DIY Wort Chiller For Hot Weather

Living in Phoenix – the Valley of the Sun – I was confronted with the problem of a good way to chill my wort. With tap water coming out of the faucet VERY WARM, many of the standard methods didn’t work. After much consternation, I came up with a method that has served me very well. All you need are some paint buckets, copper coil, a ball valve, and a few other miscellaneous screws, fittings and gaskets – all of which you can get from your local hardware/home improvement store for around $25-$30.

There are a few advantages to this. First, it aerates the wort very well. I know there are many who use only bottled O2 to aerate their wort for fear of contamination, but I have used this method several times and NEVER had any off flavors or contamination. Just makes sure you keep the pets out of the way and try to avoid windy/drafty places. Second, put a filter funnel into the carboy to further aerate the wort as it passes through and remove any remaining hop leaves or any small grain bits that might have snuck into your boil. Finally, it is a cheaper setup to get going than an immersion chiller or chiller plate.

The only drawback is that you will need to buy a large bag of ice for each brew session. If you want to do a lager, probably two bags with a switch about half way through your chilling process. This obviously will add around $3-4 to your brewing process but for those of you who use immersion chillers or chiller plates in the Southwest, you are going to need to buy some ice anyway. One thing to keep in mind is the more copper coil you use, the colder the wort will be after it has passed through the chiller. I would advise those that try this method to not skimp and buy enough copper tubing to fill your bucket with coils.

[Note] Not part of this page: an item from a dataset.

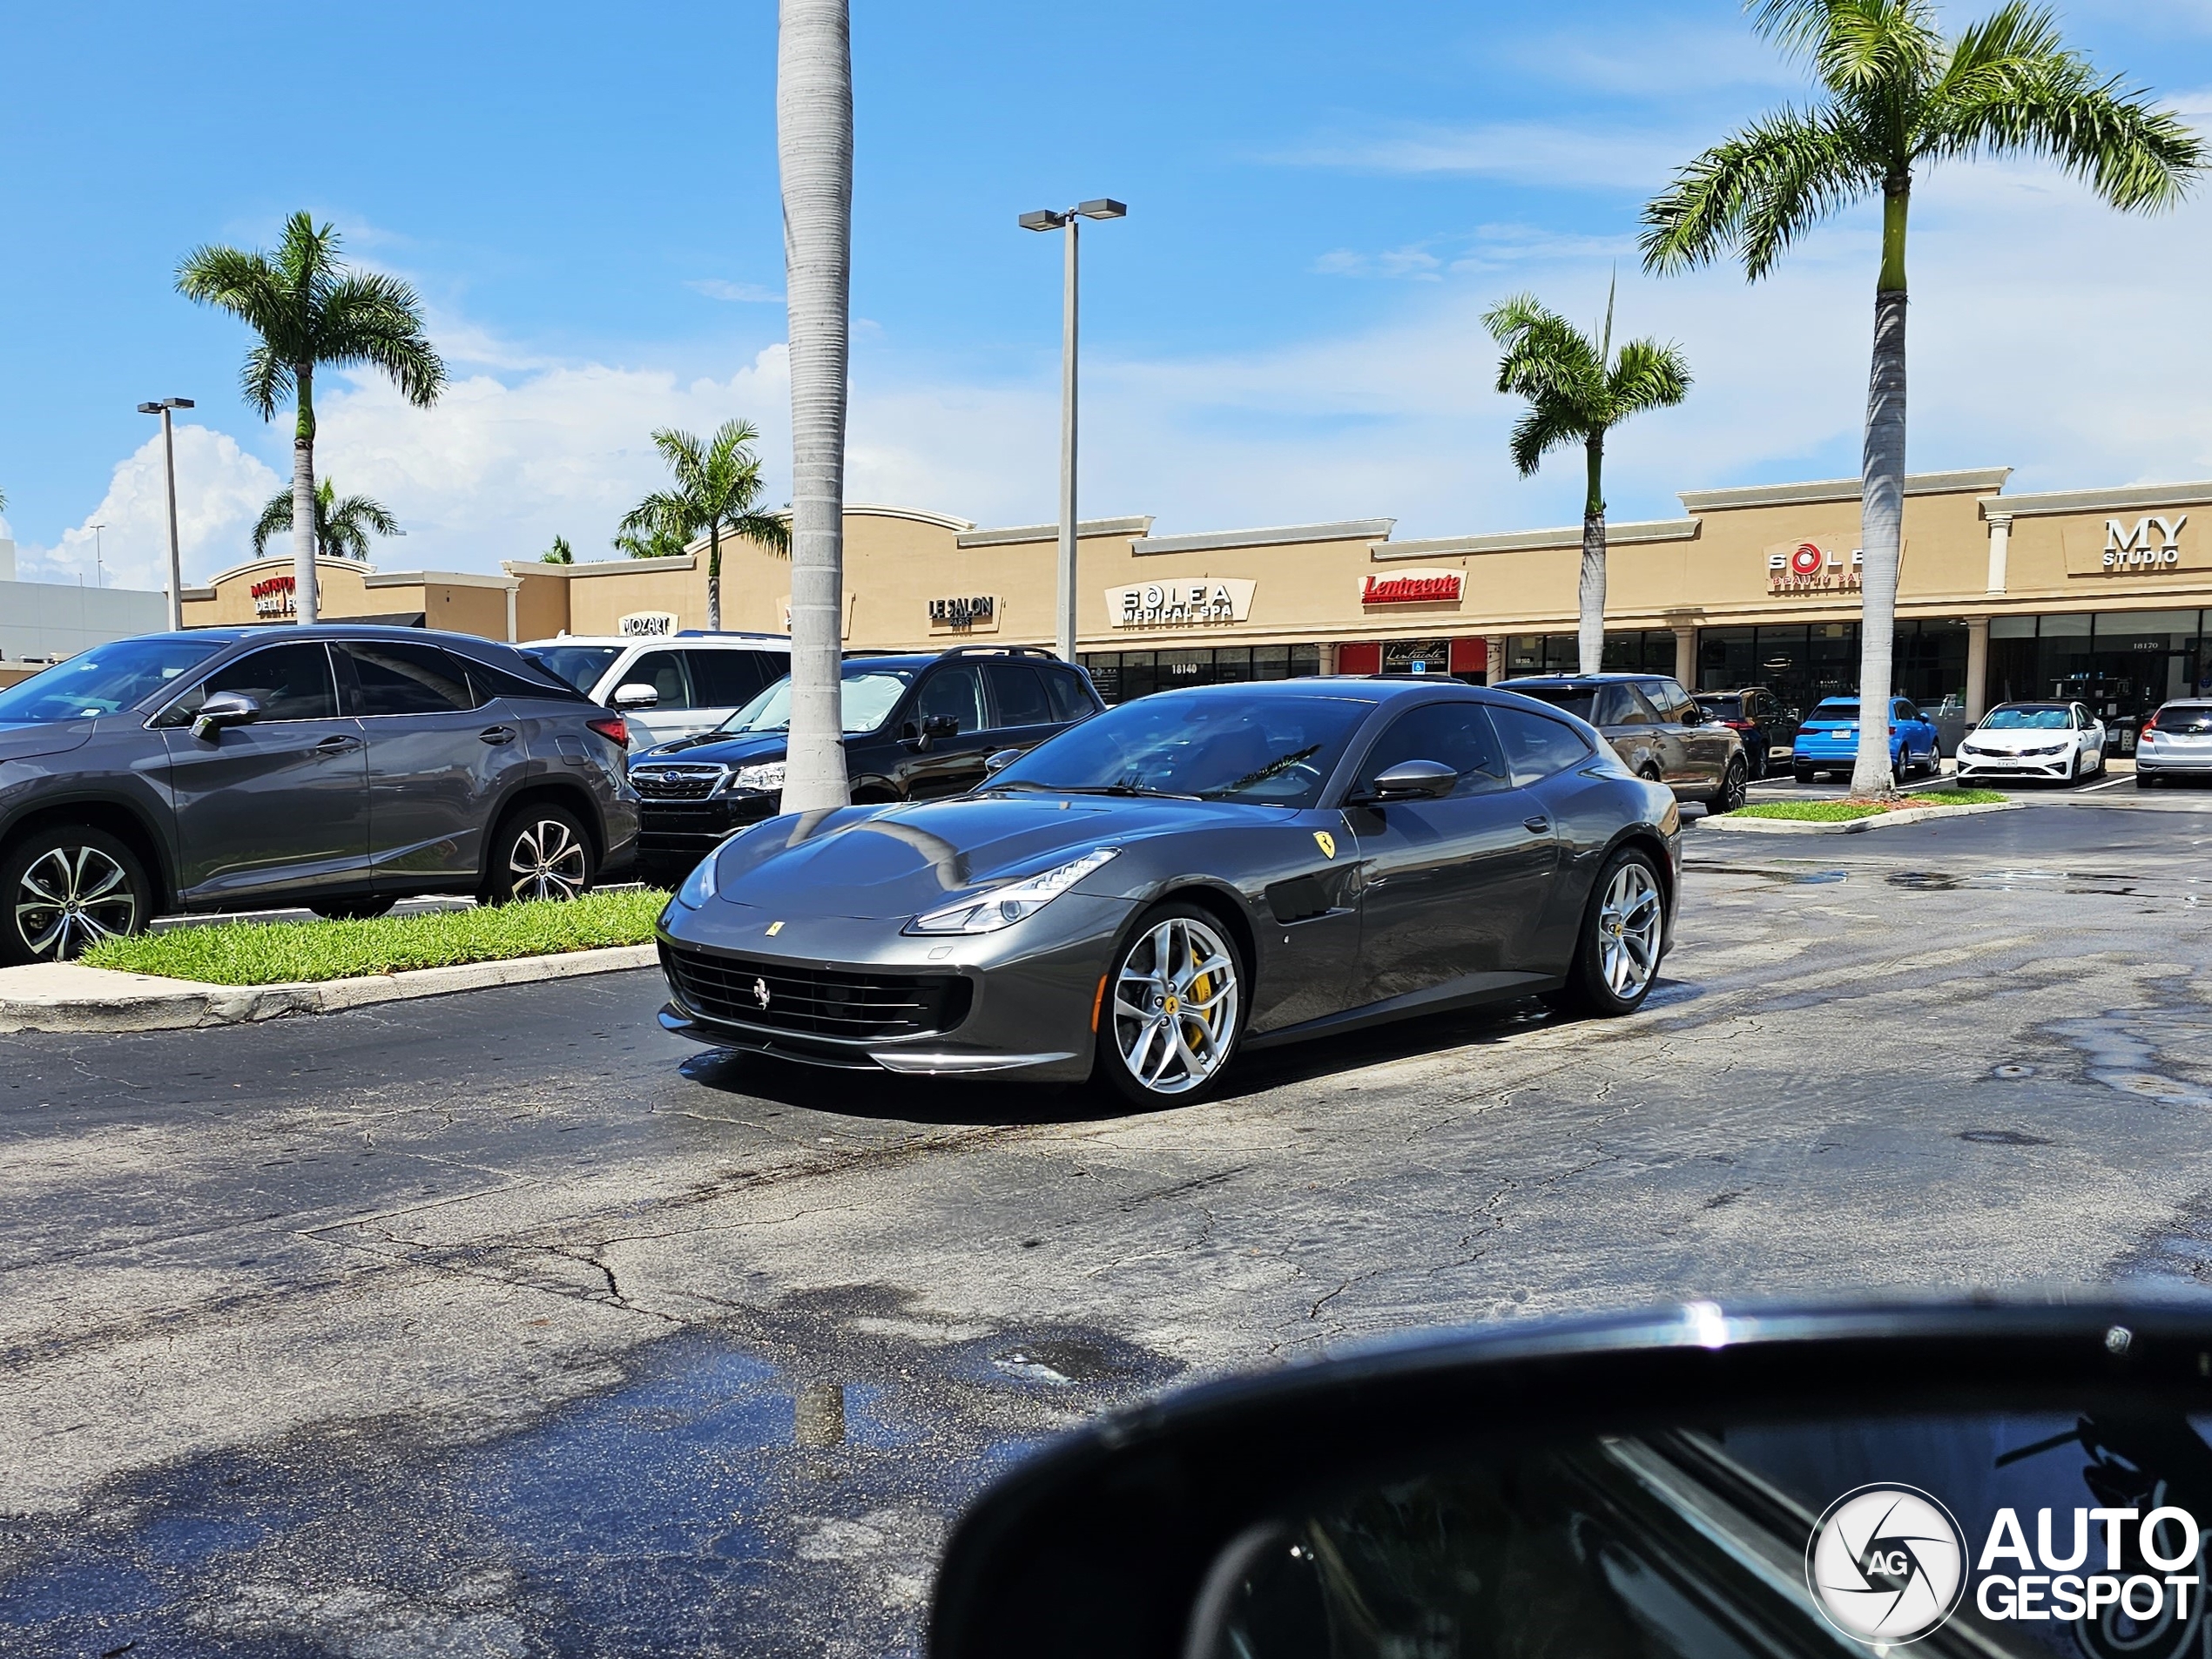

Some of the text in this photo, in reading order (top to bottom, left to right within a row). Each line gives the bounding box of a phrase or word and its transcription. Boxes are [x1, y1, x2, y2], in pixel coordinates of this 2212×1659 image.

Easy to clean, just make sure as soon as you are done to run some water through the wort chiller until it runs clean. Prior to running wort through the chiller, I always run Starsan through the chiller until it comes out and then close the valve. Let it sit in there a few minutes, flush for a bit, then let it sit again with some more in the tubing.

For those homebrewers on a budget, living in areas where the tap water doesn’t come out as cold as you need, it’s a great way to expedite your chilling process and pitch that yeast as soon as possible!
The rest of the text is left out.